***** Task inputs

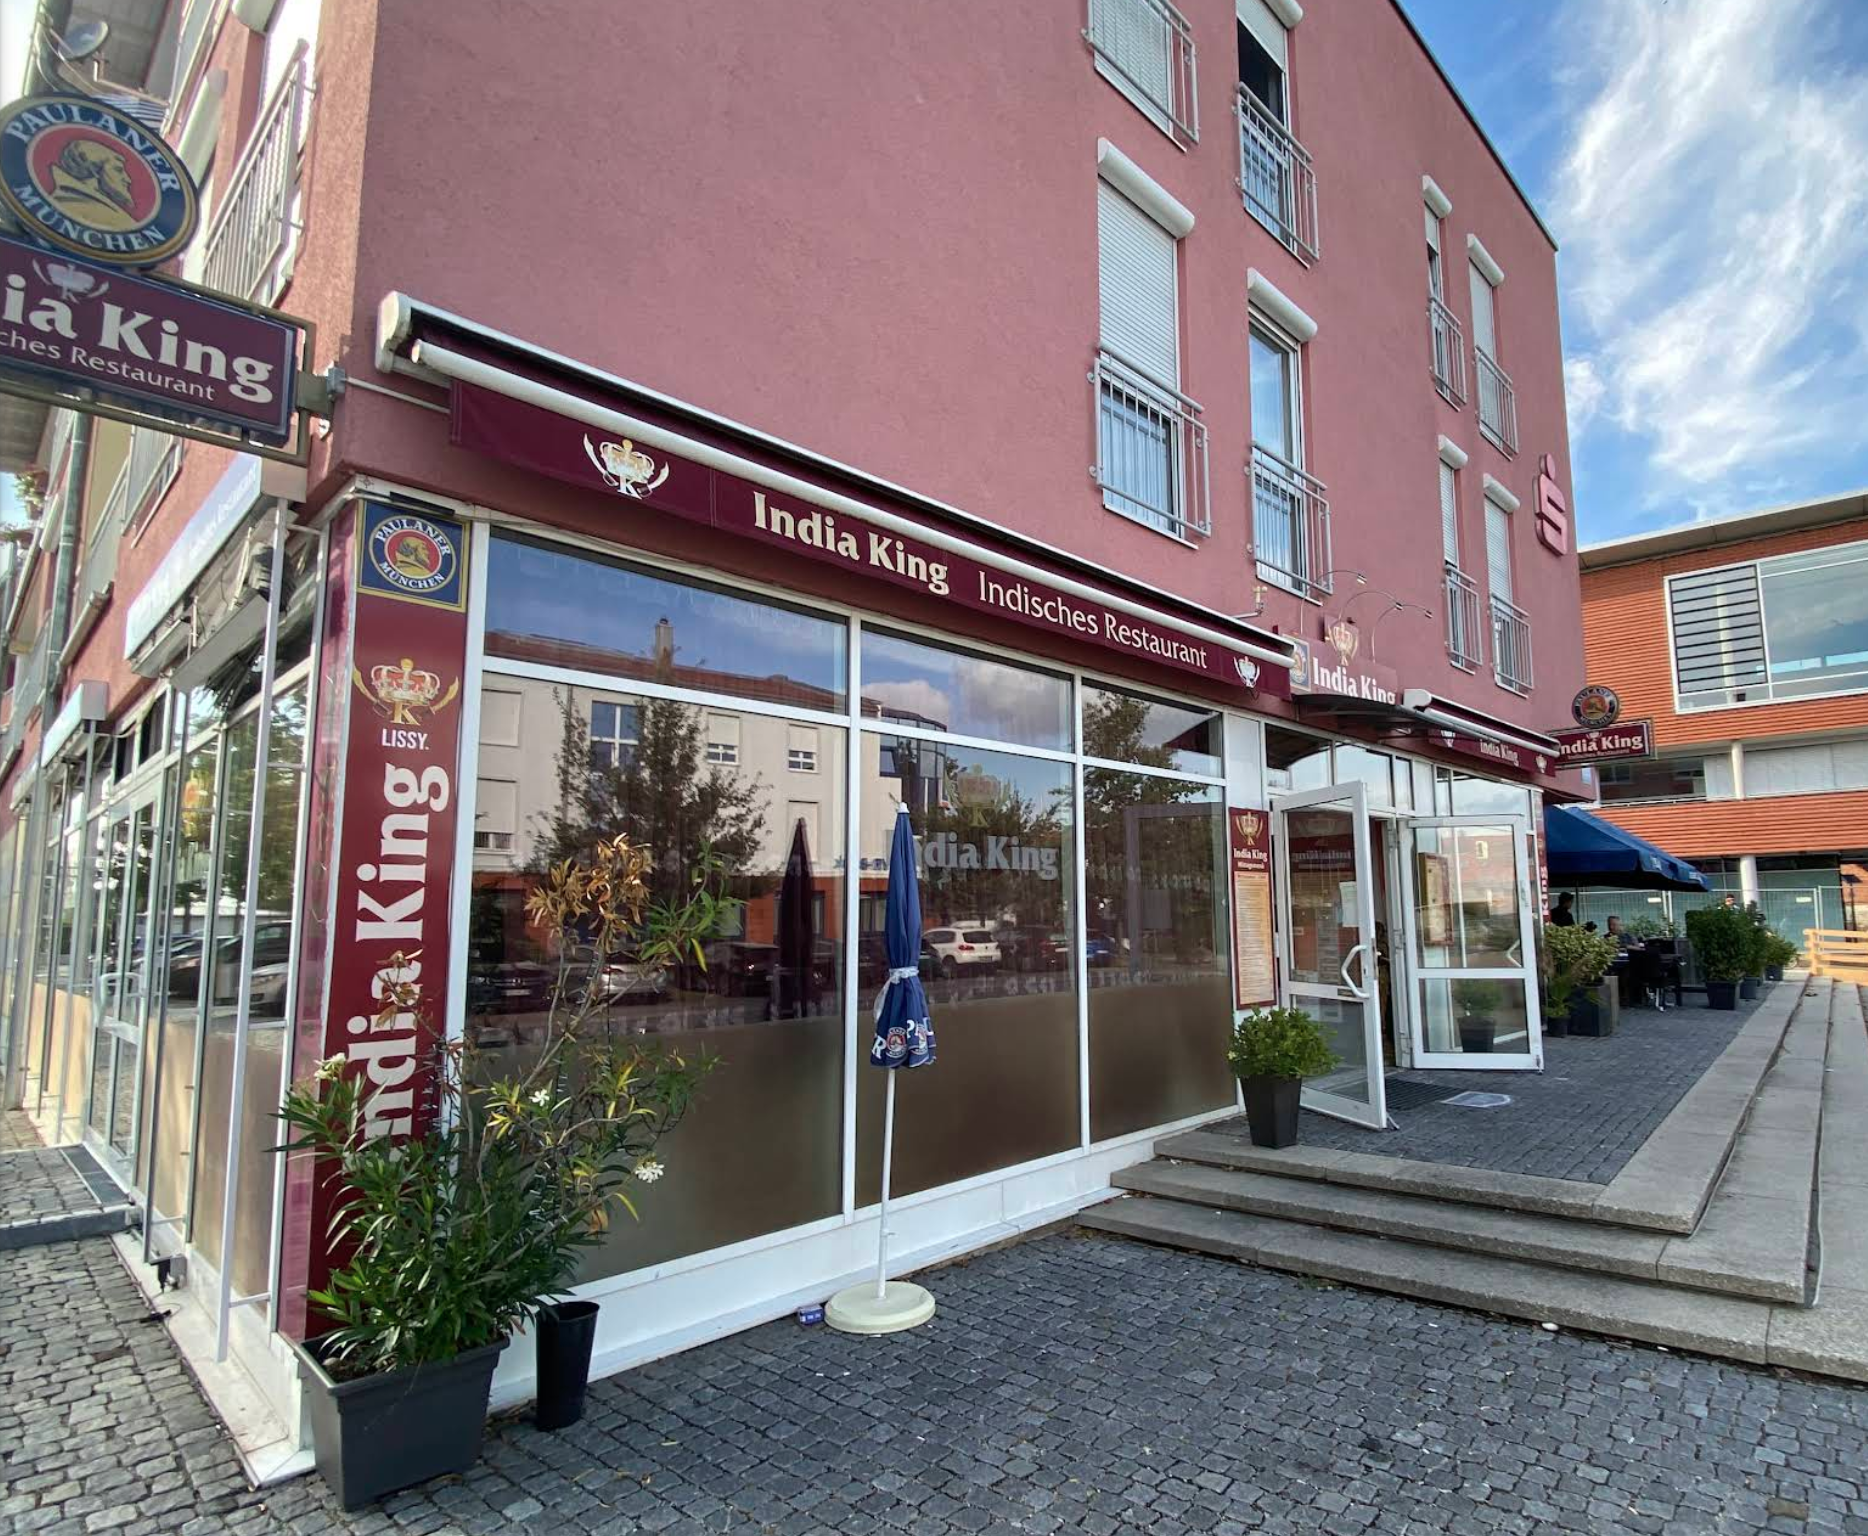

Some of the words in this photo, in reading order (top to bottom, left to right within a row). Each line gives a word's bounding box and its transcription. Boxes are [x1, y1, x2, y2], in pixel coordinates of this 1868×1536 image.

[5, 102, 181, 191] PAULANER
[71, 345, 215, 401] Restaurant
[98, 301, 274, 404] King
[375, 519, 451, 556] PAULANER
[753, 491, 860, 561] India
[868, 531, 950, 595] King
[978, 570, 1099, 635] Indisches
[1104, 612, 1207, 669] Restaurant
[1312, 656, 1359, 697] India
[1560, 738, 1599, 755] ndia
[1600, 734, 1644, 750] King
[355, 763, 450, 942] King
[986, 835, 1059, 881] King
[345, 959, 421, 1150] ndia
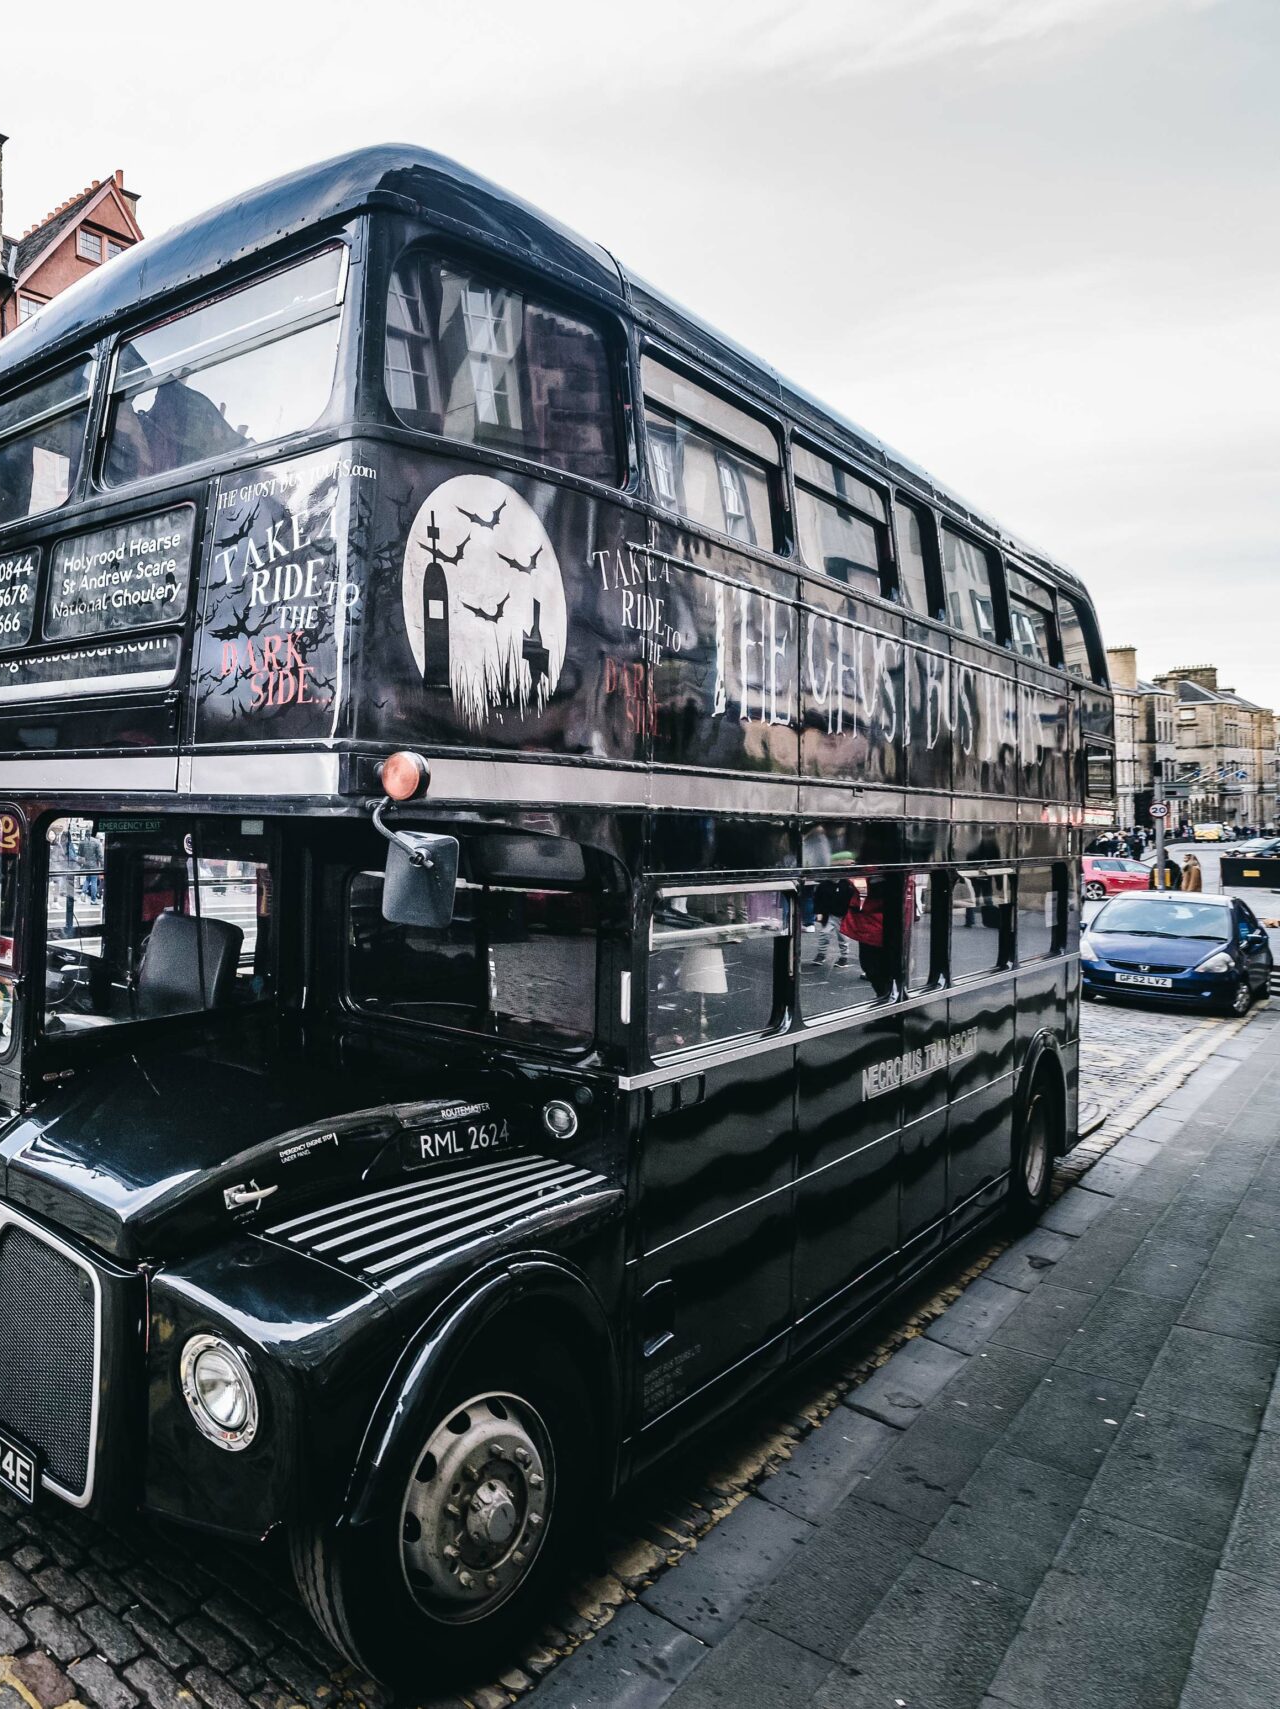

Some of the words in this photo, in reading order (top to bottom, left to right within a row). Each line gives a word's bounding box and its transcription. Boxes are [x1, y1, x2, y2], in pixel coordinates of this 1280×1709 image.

**********

### Description of the task
Copy everything in the records above except the pictures, exactly as written.

### Answer box
Some of the words in this photo, in reading order (top to bottom, left to right within a row). Each line gives a word's bounding box and its transcription. Boxes are [x1, y1, x2, y2], in pixel coordinates of this 1868×1536 image.

[5, 102, 181, 191] PAULANER
[71, 345, 215, 401] Restaurant
[98, 301, 274, 404] King
[375, 519, 451, 556] PAULANER
[753, 491, 860, 561] India
[868, 531, 950, 595] King
[978, 570, 1099, 635] Indisches
[1104, 612, 1207, 669] Restaurant
[1312, 656, 1359, 697] India
[1560, 738, 1599, 755] ndia
[1600, 734, 1644, 750] King
[355, 763, 450, 942] King
[986, 835, 1059, 881] King
[345, 959, 421, 1150] ndia

Some of the words in this photo, in reading order (top to bottom, left to right within a row). Each line gives a word's bounding box and its transcription. Boxes are [x1, y1, x2, y2], in pixel coordinates of this 1280×1709 image.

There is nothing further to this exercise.